EXERCISE REQUIREMENTS
Give back all of the data exactly, with every picture omitted.

=== DATASET RECORDS ===

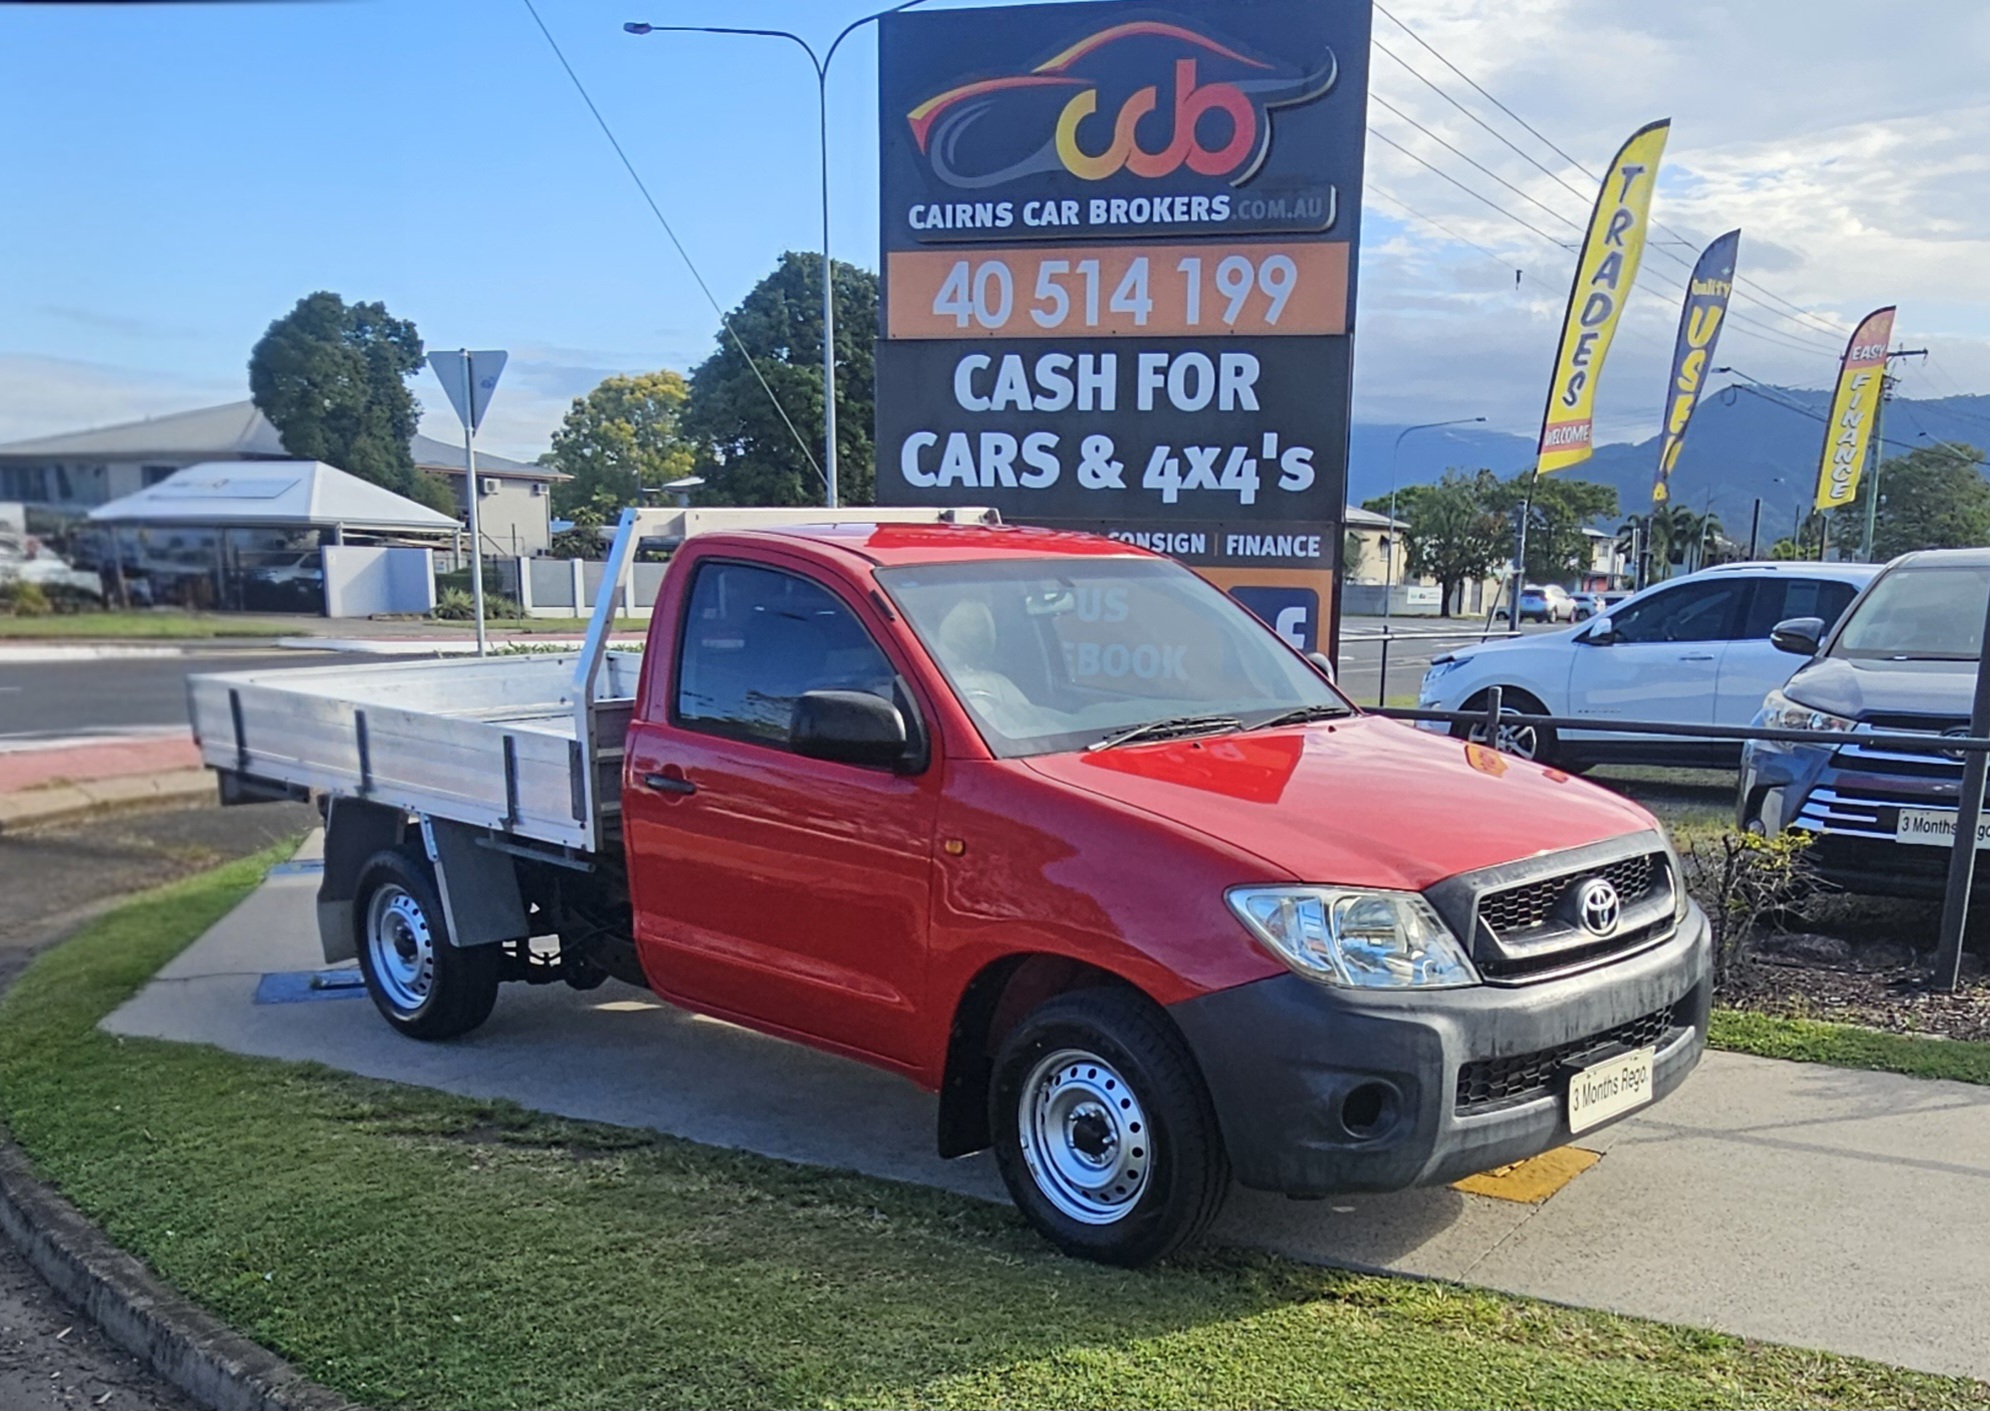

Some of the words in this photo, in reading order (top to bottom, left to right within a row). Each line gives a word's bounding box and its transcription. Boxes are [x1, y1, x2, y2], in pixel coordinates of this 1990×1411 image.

[908, 200, 1013, 230] CAIRNS
[1022, 198, 1080, 228] CAR
[932, 259, 1013, 329] 40
[1029, 257, 1153, 328] 514
[1176, 254, 1298, 326] 199
[1562, 165, 1645, 407] TRADES
[1851, 344, 1886, 362] EASY
[953, 353, 1117, 412] CASH
[1137, 352, 1260, 411] FOR
[1544, 425, 1590, 447] WELCOME
[1829, 372, 1871, 499] FINANCE
[900, 431, 1061, 490] CARS
[1076, 434, 1127, 490] &
[1226, 534, 1321, 557] FINANCE
[1077, 587, 1129, 622] US
[1901, 816, 1910, 832] 3
[1912, 817, 1957, 835] Months
[1573, 1088, 1579, 1112] 3
[1582, 1075, 1619, 1108] Months

===

SOLVED EXERCISE
Some of the words in this photo, in reading order (top to bottom, left to right within a row). Each line gives a word's bounding box and its transcription. Boxes are [x1, y1, x2, y2], in pixel coordinates of this 1990×1411 image.

[908, 200, 1013, 230] CAIRNS
[1022, 198, 1080, 228] CAR
[932, 259, 1013, 329] 40
[1029, 257, 1153, 328] 514
[1176, 254, 1298, 326] 199
[1562, 165, 1645, 407] TRADES
[1851, 344, 1886, 362] EASY
[953, 353, 1117, 412] CASH
[1137, 352, 1260, 411] FOR
[1544, 425, 1590, 447] WELCOME
[1829, 372, 1871, 499] FINANCE
[900, 431, 1061, 490] CARS
[1076, 434, 1127, 490] &
[1226, 534, 1321, 557] FINANCE
[1077, 587, 1129, 622] US
[1901, 816, 1910, 832] 3
[1912, 817, 1957, 835] Months
[1573, 1088, 1579, 1112] 3
[1582, 1075, 1619, 1108] Months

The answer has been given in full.